Repeat the following entries exactly, excluding pictures.

----- DATA TO PROCESS -----

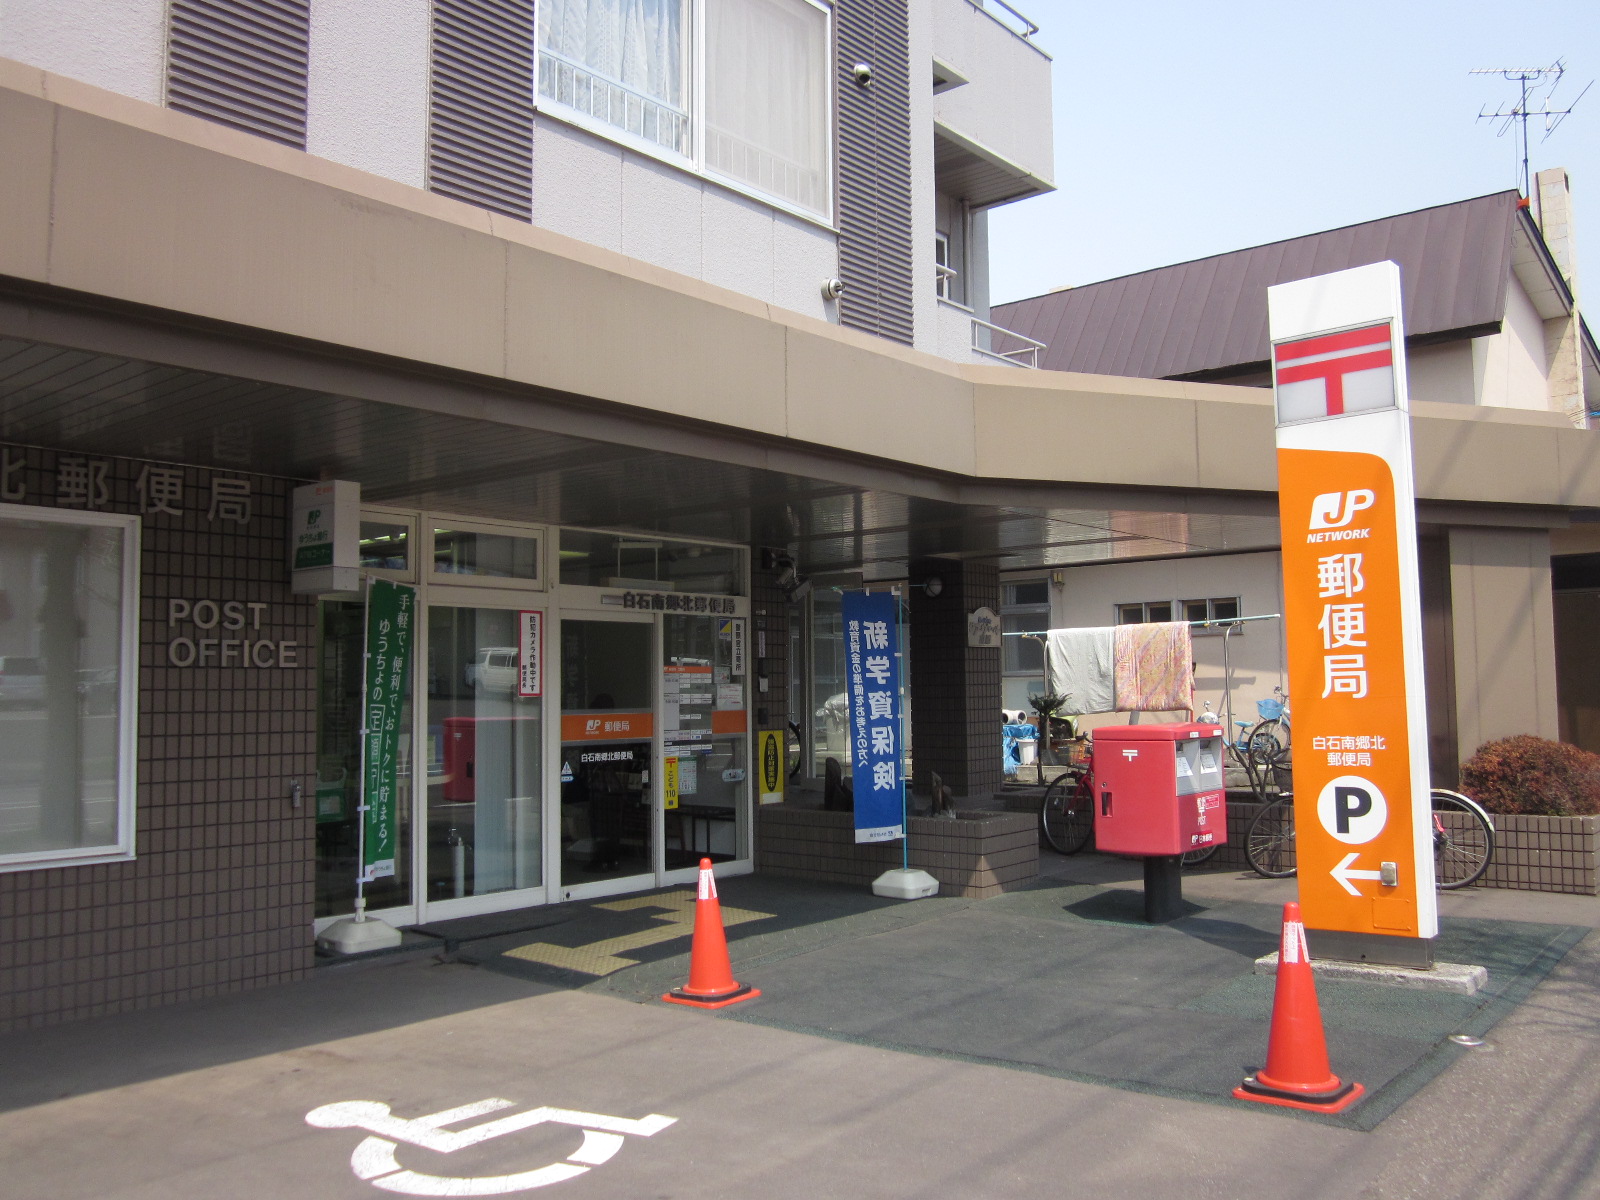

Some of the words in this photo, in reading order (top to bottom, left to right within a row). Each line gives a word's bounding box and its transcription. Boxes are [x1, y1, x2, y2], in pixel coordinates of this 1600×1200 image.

[1306, 528, 1371, 543] NETWORK
[623, 591, 736, 614] 白石南郷北郵便局
[168, 598, 267, 630] POST
[1317, 552, 1368, 699] 郵便局
[168, 637, 298, 668] OFFICE
[604, 720, 630, 732] 郵便局
[1312, 735, 1386, 750] 白石南郷北
[581, 751, 634, 763] 白石南郷北郵便局
[1327, 752, 1372, 767] 郵便局
[1334, 786, 1372, 834] P

-----

RESULT OF THE EXERCISE:
Some of the words in this photo, in reading order (top to bottom, left to right within a row). Each line gives a word's bounding box and its transcription. Boxes are [x1, y1, x2, y2], in pixel coordinates of this 1600×1200 image.

[1306, 528, 1371, 543] NETWORK
[623, 591, 736, 614] 白石南郷北郵便局
[168, 598, 267, 630] POST
[1317, 552, 1368, 699] 郵便局
[168, 637, 298, 668] OFFICE
[604, 720, 630, 732] 郵便局
[1312, 735, 1386, 750] 白石南郷北
[581, 751, 634, 763] 白石南郷北郵便局
[1327, 752, 1372, 767] 郵便局
[1334, 786, 1372, 834] P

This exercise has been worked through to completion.